Working with openWISP in Google Code-In 2017

in utopian-io •  10 days ago



By the medium of this post, I aim to share my first experience with open source.

Post Body

Hi there!

I am Arnav Raman, a 16-year-old computer enthusiast with a keen interest in everything that smells technology. My childhood was spent with computers, my father being a software developer himself back in 2001. As a child, I’d see various people coming to my house and talking things over with my father, crowding around the computer screen and do things. I recall clearly how, when I was no more than four, one of my father’s friends were working on a project and my father playfully asked me “Son, can you do what he’s doing?” Somehow, I was greatly intrigued by this question posed by my father, and that was the day my interest in computers was ignited.
Then, I began really working on it rather than just playing around, at the age of nine, starting with an HTML4 based website. I sent the zip file of the website to one of my brothers, Vibhav Raman, who currently works at IBM through email for review. He was greatly impressed and asked me to continue my efforts. I also went on to publish three Android apps on Google play and two on Amazon Appstore, along with many small other projects like HTML5 games using JavaScript, Box2D and element.
It was through him that I came to know about Google Code-In (GCI). I received a message from him on January 8th this year at 9:58 pm IST.
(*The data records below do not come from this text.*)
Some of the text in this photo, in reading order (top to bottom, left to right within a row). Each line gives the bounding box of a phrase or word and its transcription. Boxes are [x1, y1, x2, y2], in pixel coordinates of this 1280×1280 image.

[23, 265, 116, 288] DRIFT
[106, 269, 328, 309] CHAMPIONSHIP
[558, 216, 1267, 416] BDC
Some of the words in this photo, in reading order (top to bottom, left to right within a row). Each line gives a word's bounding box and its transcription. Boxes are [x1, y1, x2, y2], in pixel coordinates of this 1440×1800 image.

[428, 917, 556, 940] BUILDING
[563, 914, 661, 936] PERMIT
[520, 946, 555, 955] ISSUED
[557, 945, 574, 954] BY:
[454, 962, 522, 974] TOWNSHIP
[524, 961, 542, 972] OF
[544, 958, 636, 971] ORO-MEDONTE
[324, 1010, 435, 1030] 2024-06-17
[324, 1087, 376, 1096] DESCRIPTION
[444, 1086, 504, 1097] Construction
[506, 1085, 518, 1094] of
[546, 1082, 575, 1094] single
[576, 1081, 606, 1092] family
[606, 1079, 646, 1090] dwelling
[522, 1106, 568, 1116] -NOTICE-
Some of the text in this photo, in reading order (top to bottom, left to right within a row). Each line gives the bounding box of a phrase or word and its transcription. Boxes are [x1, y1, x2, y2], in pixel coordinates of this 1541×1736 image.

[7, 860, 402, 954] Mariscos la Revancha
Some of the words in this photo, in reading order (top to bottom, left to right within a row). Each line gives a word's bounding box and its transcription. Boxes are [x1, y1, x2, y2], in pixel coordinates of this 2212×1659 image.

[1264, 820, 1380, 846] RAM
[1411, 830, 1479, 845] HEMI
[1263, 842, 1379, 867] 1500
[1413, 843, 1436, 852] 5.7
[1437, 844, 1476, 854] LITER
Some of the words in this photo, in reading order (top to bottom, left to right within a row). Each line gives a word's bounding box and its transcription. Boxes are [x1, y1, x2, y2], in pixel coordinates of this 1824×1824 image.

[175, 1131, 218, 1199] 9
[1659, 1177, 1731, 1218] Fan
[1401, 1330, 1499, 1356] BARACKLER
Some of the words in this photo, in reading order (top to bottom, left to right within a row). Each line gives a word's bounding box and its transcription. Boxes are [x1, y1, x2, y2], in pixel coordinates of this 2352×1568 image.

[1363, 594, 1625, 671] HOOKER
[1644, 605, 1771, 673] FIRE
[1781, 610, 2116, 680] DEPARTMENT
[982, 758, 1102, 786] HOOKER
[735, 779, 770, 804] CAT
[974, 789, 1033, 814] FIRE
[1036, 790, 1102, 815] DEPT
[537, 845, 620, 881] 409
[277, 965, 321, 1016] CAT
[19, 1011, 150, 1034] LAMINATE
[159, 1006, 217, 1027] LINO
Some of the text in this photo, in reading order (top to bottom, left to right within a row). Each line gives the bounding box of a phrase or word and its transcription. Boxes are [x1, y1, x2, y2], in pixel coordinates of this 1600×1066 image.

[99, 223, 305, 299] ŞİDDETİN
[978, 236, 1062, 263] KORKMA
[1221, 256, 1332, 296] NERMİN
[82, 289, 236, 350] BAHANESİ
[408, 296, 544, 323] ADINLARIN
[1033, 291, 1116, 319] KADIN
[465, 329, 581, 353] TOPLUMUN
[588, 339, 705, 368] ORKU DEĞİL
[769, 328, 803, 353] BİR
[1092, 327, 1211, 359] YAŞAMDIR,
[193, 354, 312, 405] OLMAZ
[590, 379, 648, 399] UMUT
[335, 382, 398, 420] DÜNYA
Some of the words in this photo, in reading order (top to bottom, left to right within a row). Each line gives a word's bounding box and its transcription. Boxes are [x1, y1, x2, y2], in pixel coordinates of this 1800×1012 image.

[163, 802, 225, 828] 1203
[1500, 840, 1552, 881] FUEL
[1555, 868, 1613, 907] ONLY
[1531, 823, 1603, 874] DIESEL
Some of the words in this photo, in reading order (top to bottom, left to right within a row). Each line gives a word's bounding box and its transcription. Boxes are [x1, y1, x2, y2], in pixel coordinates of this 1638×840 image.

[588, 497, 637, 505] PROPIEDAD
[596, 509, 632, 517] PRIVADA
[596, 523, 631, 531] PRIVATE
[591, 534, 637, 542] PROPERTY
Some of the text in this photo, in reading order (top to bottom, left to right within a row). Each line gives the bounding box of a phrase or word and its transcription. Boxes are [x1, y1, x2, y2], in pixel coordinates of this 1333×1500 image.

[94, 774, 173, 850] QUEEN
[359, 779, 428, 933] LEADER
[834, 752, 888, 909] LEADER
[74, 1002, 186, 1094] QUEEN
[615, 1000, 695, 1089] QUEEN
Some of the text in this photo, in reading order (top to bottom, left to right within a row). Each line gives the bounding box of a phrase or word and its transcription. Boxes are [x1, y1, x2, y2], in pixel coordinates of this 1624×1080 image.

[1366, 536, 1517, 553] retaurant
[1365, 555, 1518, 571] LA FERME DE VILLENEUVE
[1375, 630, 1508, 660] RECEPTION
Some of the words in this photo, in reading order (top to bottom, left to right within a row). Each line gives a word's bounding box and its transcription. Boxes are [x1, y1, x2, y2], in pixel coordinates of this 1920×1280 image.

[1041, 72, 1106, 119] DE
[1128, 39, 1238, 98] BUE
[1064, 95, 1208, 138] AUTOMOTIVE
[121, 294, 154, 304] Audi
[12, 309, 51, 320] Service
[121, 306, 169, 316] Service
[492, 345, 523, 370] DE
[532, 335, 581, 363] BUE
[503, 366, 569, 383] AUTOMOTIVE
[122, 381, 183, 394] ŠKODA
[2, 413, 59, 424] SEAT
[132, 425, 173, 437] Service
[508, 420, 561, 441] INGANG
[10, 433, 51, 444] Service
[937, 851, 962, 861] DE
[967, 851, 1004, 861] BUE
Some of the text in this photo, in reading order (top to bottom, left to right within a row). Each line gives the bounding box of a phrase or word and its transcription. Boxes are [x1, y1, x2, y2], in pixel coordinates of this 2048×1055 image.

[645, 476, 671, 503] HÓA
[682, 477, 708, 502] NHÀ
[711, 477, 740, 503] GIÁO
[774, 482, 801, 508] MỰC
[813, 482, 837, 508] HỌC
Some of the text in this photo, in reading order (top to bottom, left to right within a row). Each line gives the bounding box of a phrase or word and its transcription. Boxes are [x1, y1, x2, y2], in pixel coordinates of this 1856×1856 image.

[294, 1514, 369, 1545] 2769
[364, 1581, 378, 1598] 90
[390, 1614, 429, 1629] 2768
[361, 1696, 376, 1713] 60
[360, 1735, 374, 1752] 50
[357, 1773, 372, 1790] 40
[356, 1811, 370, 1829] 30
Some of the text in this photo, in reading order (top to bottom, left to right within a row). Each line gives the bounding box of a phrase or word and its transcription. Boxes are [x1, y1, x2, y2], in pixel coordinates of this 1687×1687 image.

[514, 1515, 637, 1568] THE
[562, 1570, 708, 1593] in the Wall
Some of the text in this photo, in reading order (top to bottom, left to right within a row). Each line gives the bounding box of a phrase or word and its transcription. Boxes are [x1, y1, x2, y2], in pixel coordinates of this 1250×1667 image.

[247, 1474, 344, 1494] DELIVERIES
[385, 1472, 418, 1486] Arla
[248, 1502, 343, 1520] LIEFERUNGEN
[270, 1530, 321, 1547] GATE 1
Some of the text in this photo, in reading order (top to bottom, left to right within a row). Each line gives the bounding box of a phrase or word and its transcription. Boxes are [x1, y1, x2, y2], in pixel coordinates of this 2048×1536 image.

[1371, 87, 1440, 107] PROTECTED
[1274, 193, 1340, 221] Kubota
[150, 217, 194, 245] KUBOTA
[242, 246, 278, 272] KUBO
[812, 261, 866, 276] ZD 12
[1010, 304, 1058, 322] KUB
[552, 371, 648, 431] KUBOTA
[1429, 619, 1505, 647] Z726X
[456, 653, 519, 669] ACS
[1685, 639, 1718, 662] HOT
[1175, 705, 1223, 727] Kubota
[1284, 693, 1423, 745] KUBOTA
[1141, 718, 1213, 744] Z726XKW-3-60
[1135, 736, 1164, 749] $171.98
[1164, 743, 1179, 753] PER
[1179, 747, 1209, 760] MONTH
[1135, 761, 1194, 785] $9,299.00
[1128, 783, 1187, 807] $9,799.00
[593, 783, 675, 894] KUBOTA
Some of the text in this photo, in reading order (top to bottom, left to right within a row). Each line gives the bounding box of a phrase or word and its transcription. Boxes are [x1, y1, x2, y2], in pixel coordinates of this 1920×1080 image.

It was too late. There were only seven days left for the contest to conclude. Also, my examinations had begun and I was having tests on 9th, 10th, 11th, 12th, 15th, and 16th. However, I decided to register. That night, I got myself registered and completed one task too. I was done by 1:25 am and slept.
The next morning, there was a Gmail notification: my task had been accepted! This fuelled me and as soon as I came back from the test, I claimed another one and began working on it. I was enjoying thoroughly!
After these two, the third task I decided to do was openWISP: Build the openWISP documentation. Before claiming the task, I decided to try doing it first. I tried in my Windows-based machine but was confused beyond imagination. Then, I tried using a Linux VM, but still, I couldn’t figure things out. The instructions were very vague. I tried searching on the internet for help with sphinx and pip, but it was tedious and I had to prepare for the exams as well. This was an aspect I didn’t like.
But this, too, was an amazing learning experience for me. I came to know the basics of GitHub and Git command-line interface. I learned about Linux development a bit, and also learned about Sphinx and python in the process. Truly, failure teaches us more than success.
However, I never lost hope and driven by determination, I tried hands on another one of openWISP’s tasks, Create your own GPG key, authenticate to GitHub and sign commits. I chose this task as it was based on the skills of Git I’d learned during my previous attempt. I completed my studies and got to work on it at 1:40 am. I tried Windows but committed a mistake from an ill-written tutorial, applying a command that rendered git useless. Again, I turned to Linux. I installed git tools and got to work. I cloned the repo, added a hello world program and staged it. Next, I set up a new GPG key (my third key in a day), added it to my account, told git about it and ran the git commit –S –m ‘added’ command for signing the commits. It was executed successfully. I was elated. Then I used git push, entered my account credentials and finally, the task was completed.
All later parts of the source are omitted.